*** EXTRACTED DATA ***
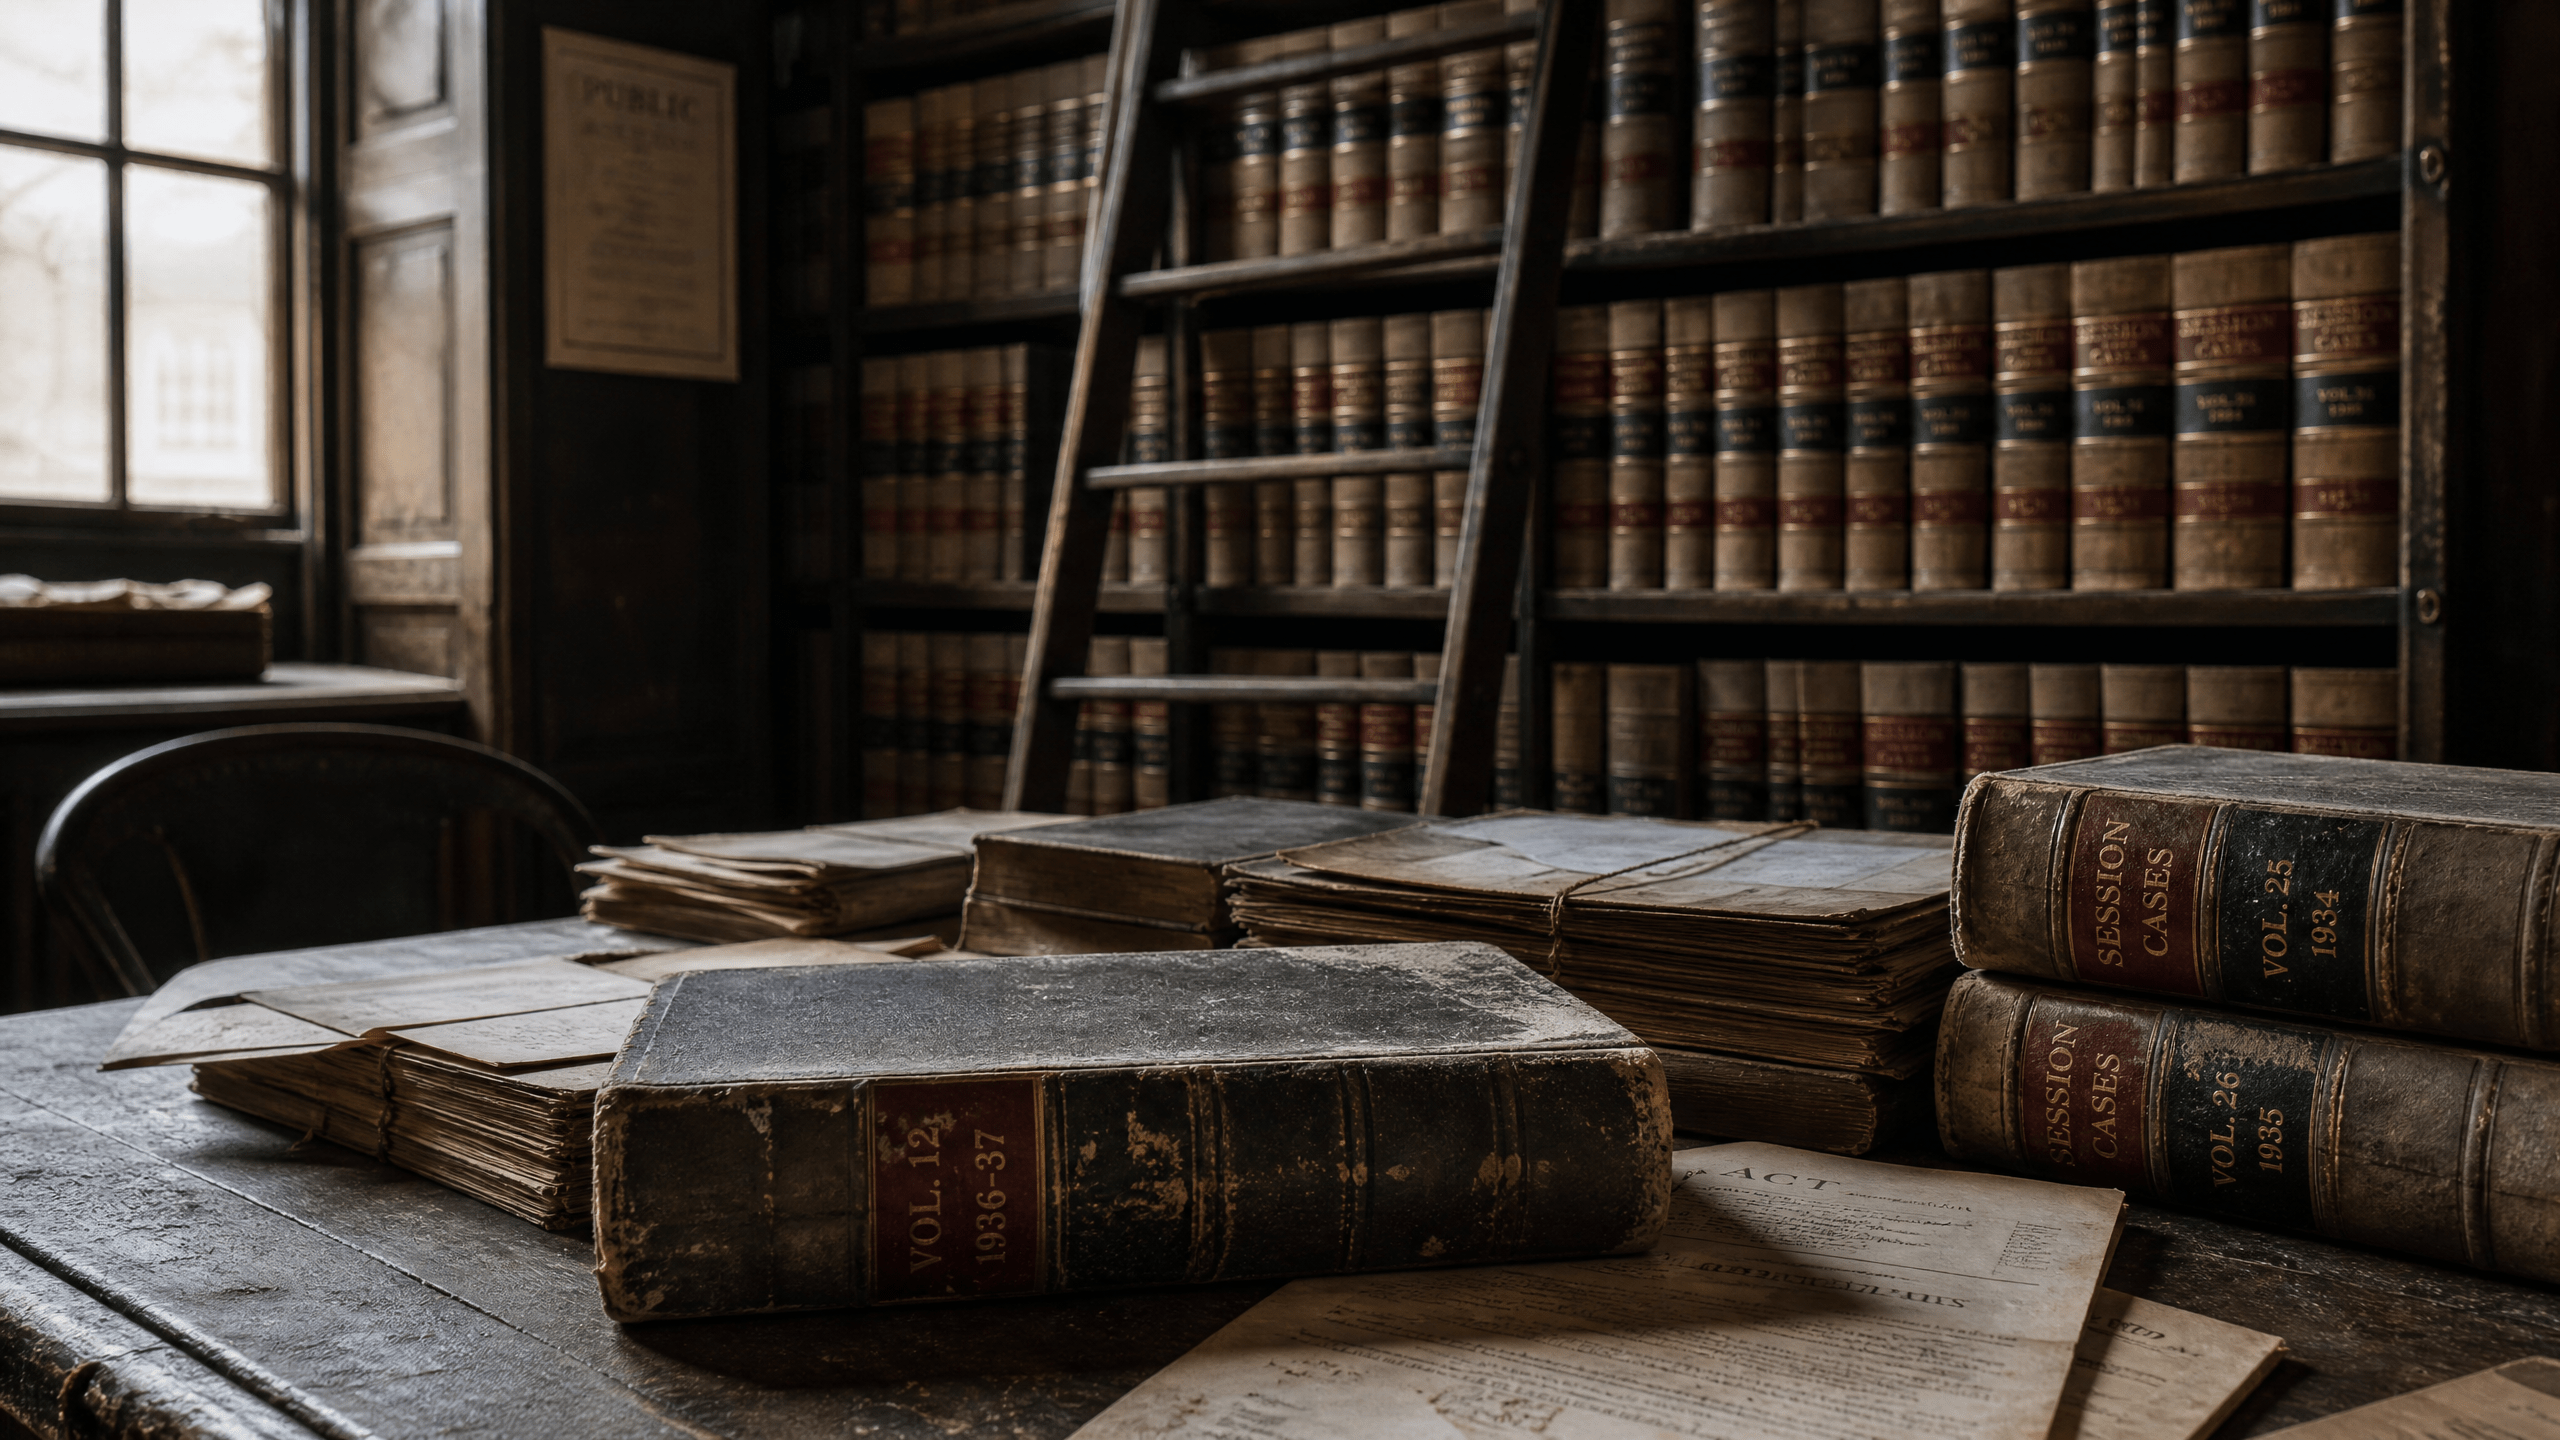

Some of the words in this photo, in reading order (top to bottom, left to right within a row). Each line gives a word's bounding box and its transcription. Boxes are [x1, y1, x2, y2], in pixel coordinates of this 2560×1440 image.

[583, 76, 699, 126] PUBLIC
[2095, 817, 2131, 967] SESSION
[2142, 848, 2174, 957] CASES
[2264, 859, 2293, 896] 25
[2262, 903, 2289, 981] VOL.
[2311, 889, 2340, 958] 1934
[2046, 1020, 2079, 1167] SESSION
[2092, 1053, 2121, 1159] CASES
[2212, 1071, 2240, 1110] 26
[907, 1126, 941, 1168] 12
[2210, 1116, 2237, 1188] VOL.
[2258, 1107, 2284, 1174] 1935
[974, 1129, 1007, 1265] 1936-37
[1719, 1167, 1841, 1191] ACT
[909, 1179, 942, 1274] VOL.
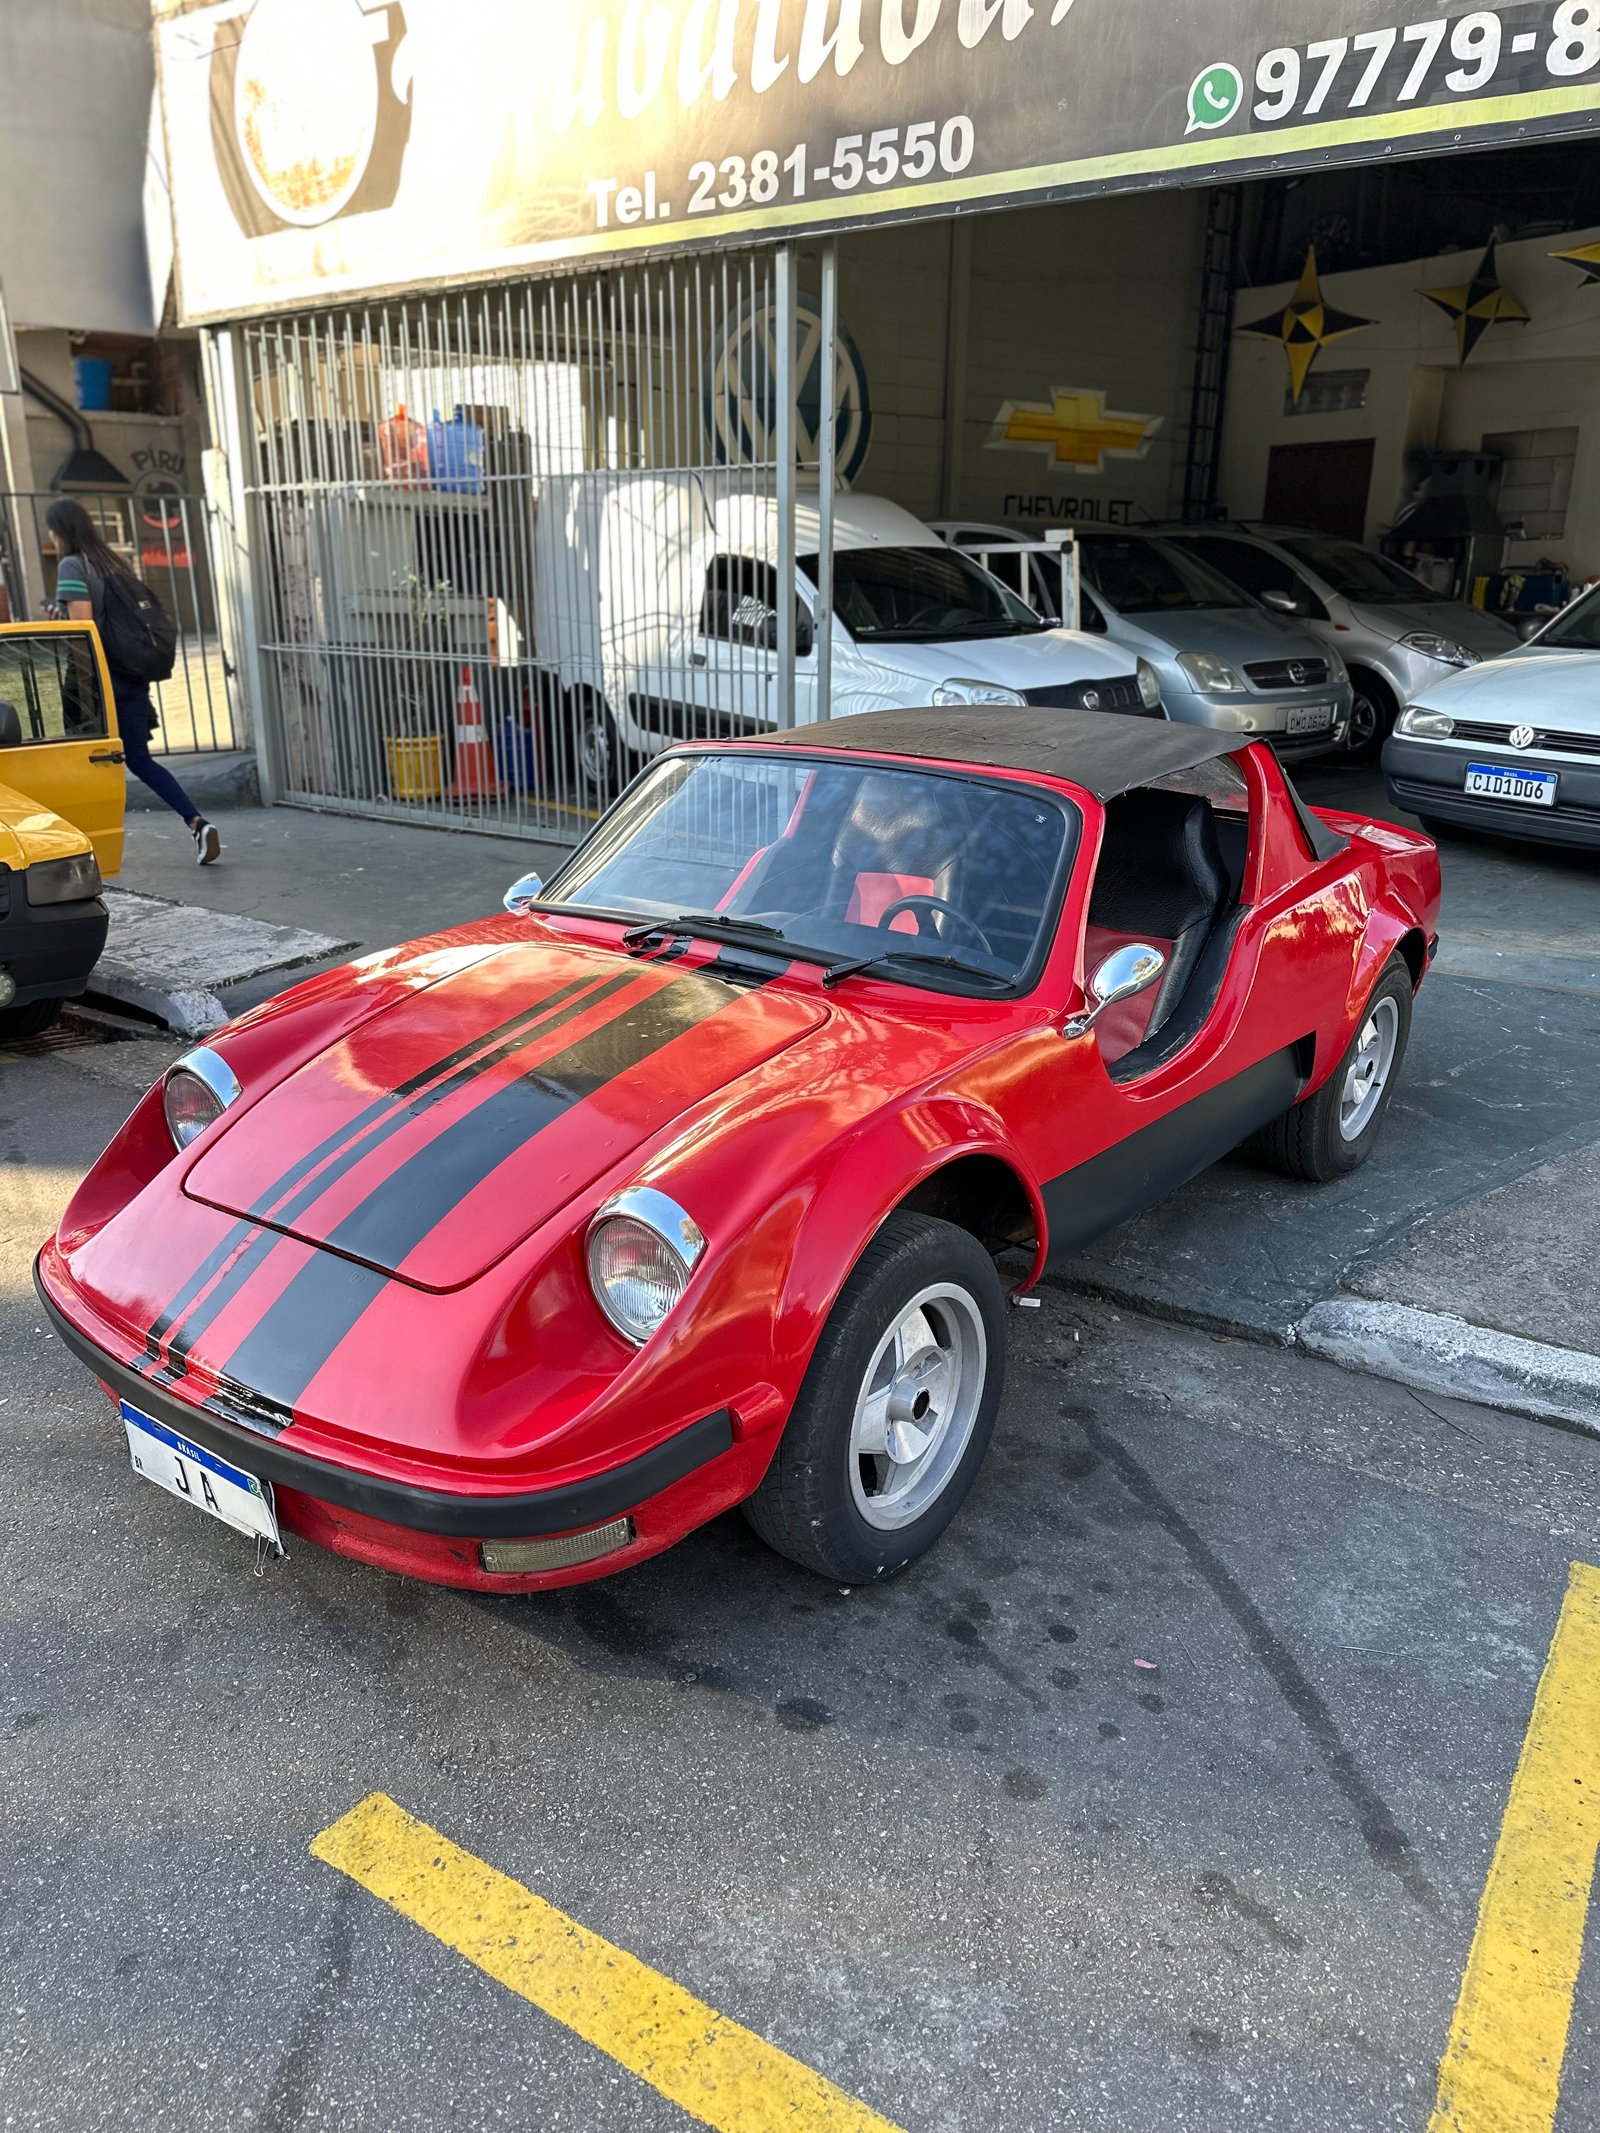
*** End of EXTRACTED DATA ***
WORK TO BE COMPLETED
What is needed is a verbatim transcription of the records, minus the pictures.

SOLUTION TO THIS EXERCISE
Some of the words in this photo, in reading order (top to bottom, left to right within a row). Each line gives a word's bounding box and its transcription. Boxes are [x1, y1, x2, y2], in pixel coordinates of this 2560×1440 image.

[583, 76, 699, 126] PUBLIC
[2095, 817, 2131, 967] SESSION
[2142, 848, 2174, 957] CASES
[2264, 859, 2293, 896] 25
[2262, 903, 2289, 981] VOL.
[2311, 889, 2340, 958] 1934
[2046, 1020, 2079, 1167] SESSION
[2092, 1053, 2121, 1159] CASES
[2212, 1071, 2240, 1110] 26
[907, 1126, 941, 1168] 12
[2210, 1116, 2237, 1188] VOL.
[2258, 1107, 2284, 1174] 1935
[974, 1129, 1007, 1265] 1936-37
[1719, 1167, 1841, 1191] ACT
[909, 1179, 942, 1274] VOL.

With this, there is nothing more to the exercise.